Si la parenté avec Le moine de Lewis vient forcément à l'esprit du lecteur et si tous les codes du roman gothique sont ici respectés à la lettre (moine lubrique, jeune fille innocente traquée, lieux inquiétants, récit à tiroirs, malédiction familiale, inceste, et j'en passe), ce roman n'en porte pas moins la marque de fabrique très particulière de l'auteur.


En effet, à travers l'histoire du frère Médard, victime d'une malédiction familiale et tiraillé toute sa vie durant entre Dieu et Diable, ce sont à la fois le style foisonnant d'E.T.A Hoffmann et les motifs qu'il se plaît à travailler qui rendent ce roman à la fois si riche et si indigeste - qu'on me pardonne l'emploi de ce terme - par moments.

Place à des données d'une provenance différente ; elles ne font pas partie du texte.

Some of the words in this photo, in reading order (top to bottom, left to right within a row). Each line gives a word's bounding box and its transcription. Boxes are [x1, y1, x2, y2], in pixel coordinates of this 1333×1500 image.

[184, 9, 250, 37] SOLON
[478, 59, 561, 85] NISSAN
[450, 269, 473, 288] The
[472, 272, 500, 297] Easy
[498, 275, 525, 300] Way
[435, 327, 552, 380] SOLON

Prenons uniquement la thématique du double : non contente de se révéler omniprésente dans le roman, elle est aussi protéiforme, à un point que le lecteur en perd presque la tête : car non seulement plusieurs des personnages sont les sosies les uns des autres, mais, dans la généalogie de Frère Médard, chaque enfant porte le prénom de son père. Mais Hoffmann va plus loin que ça : Médard ne trouve pas en son frère jumeau (qu'il ne connaît pas) uniquement son double physique ; leur âme également est jumelle, si bien que ce que conçoit l'un en pensée est mis en pratique par l'autre. Sans compter que, de père en fils, chaque personnage répète les mêmes crimes innommables. Je dois d'ailleurs avouer qu'arrivée à un certain point du livre, j'ai sorti une feuille de papier et un stylo pour reconstituer le généalogie des principales familles du roman, tellement j'avais du mal à m'y retrouver.

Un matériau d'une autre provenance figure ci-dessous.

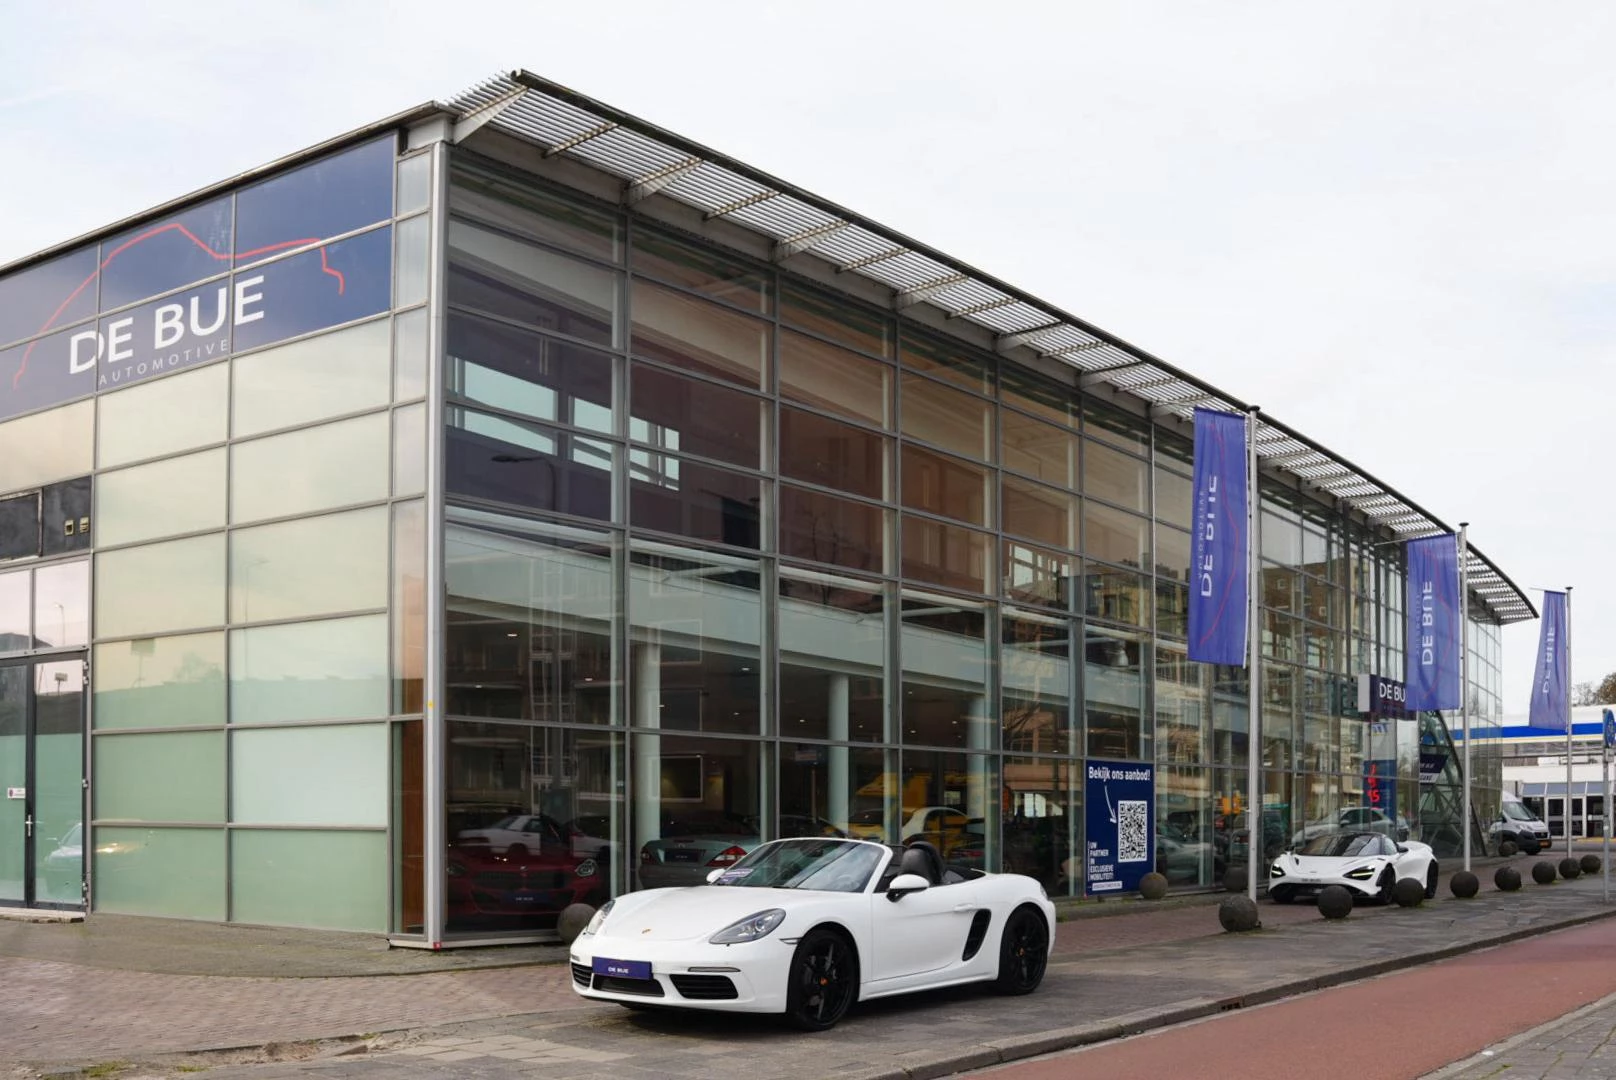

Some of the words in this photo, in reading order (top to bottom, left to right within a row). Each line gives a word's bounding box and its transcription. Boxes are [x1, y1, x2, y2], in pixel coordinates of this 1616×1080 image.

[69, 317, 134, 375] DE
[154, 275, 265, 350] BUE
[98, 338, 229, 386] AUTOMOTIVE
[1379, 682, 1393, 700] DE
[1394, 686, 1406, 703] BU
[1088, 766, 1111, 782] Bekijk
[1111, 770, 1124, 780] ons
[1125, 768, 1151, 781] aanbod!

Mais ne nous y trompons pas : cette complexité est bien entendu voulue par Hoffmann. Comme l'âme de Frère Médard se désagrège, se décompose, se démultiplie, le récit prend de multiples détours pour perdre le lecteur comme il mène son personnage sur le chemin de la perdition. Ajoutez à cela un étrange personnage qui s'appelle, c'est selon, Belcampo ou Schönfeld, et qui lance des tirades obscures dignes de Hamlet : vous comprendrez que la lecture des Élixirs du diable n'est pas de tout repos.

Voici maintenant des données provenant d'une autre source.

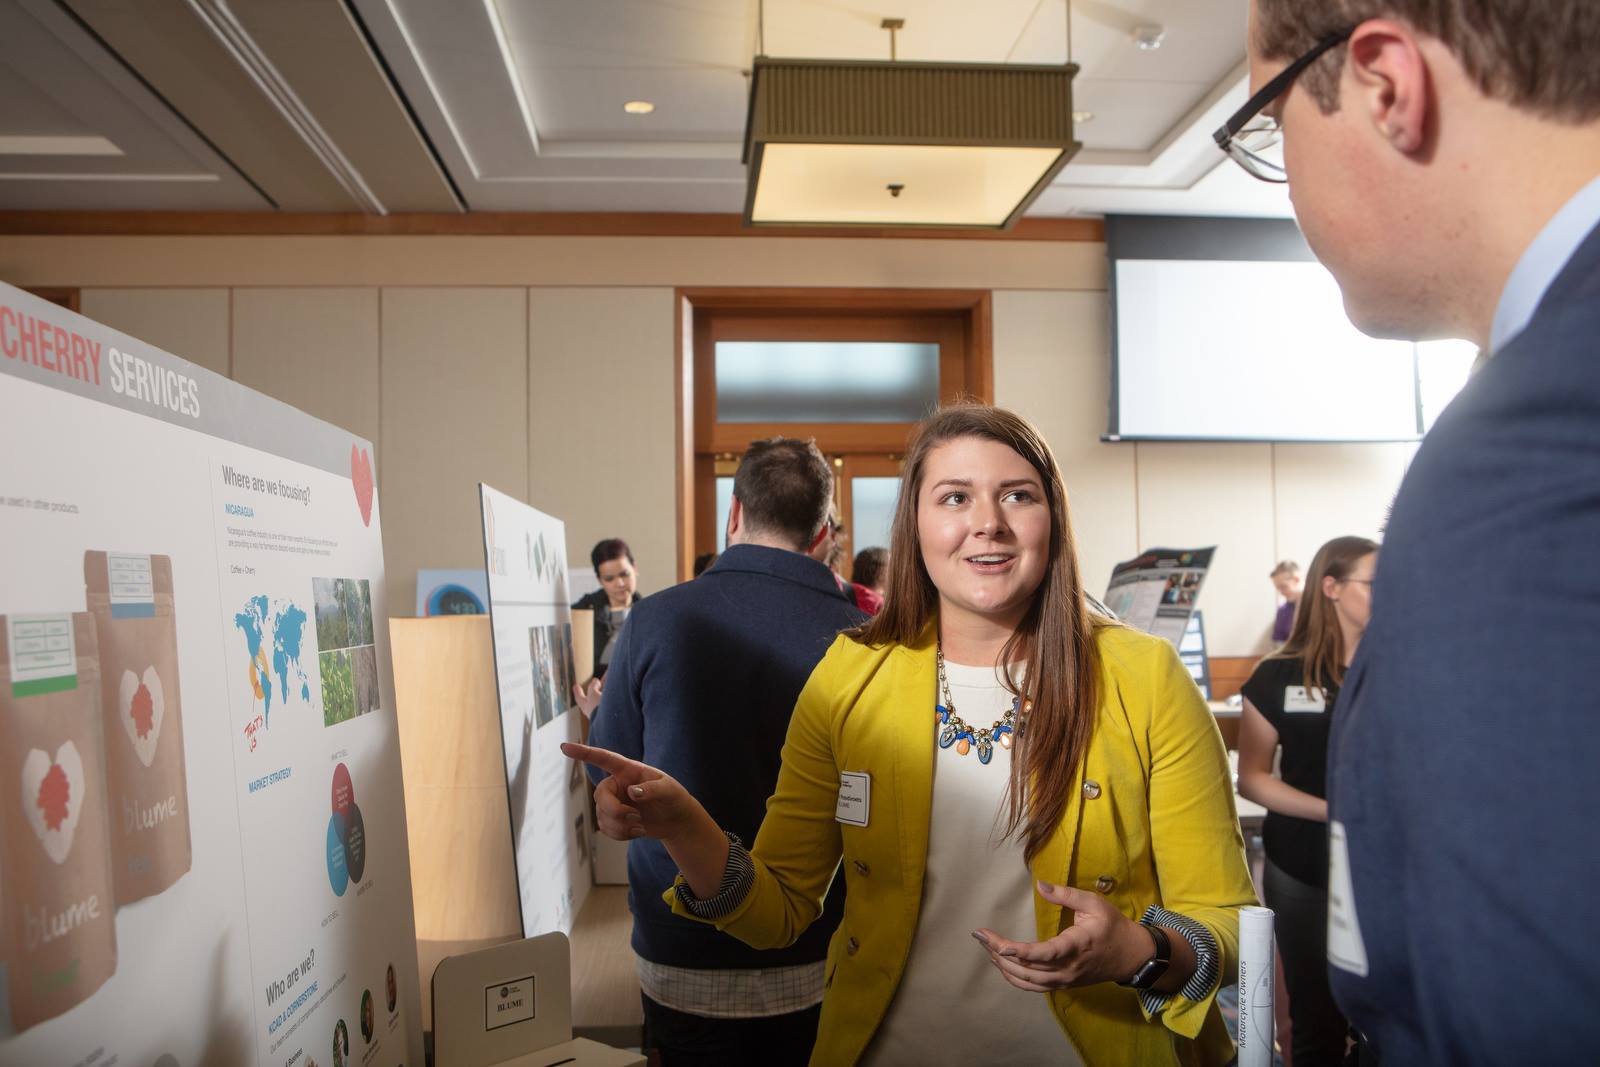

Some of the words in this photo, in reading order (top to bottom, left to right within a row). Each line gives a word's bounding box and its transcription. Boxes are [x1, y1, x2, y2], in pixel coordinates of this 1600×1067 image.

[0, 305, 102, 386] CHERRY
[108, 347, 200, 418] SERVICES
[222, 464, 250, 490] Where
[252, 477, 265, 493] are
[266, 480, 278, 496] we
[278, 479, 311, 507] focusing?
[225, 503, 255, 518] NICARAGUA
[249, 775, 269, 793] MARKET
[269, 767, 292, 784] STRATEGY
[123, 795, 178, 833] blume
[24, 895, 100, 951] blume
[266, 980, 286, 1007] Who
[287, 967, 300, 989] are
[300, 948, 315, 976] we?
[1239, 960, 1247, 996] Owners
[268, 1015, 283, 1034] KCAD
[287, 981, 318, 1018] CORNERSTONE
[497, 999, 523, 1012] BLUME
[1239, 997, 1248, 1048] Motorcycle

J'avoue que la seconde partie m'a parfois ennuyée et que la fin, surtout, très portée sur la pénitence de Médard et très axée sur un discours religieux, m'a fatiguée. Il m'a surtout semblé que le format du roman convenait moins bien à Hoffmann que ce lui des nouvelles. Les Élixirs du diable ne valent pas, à mon sens, L'homme au sable - véritable chef-d'oeuvre de l'auteur.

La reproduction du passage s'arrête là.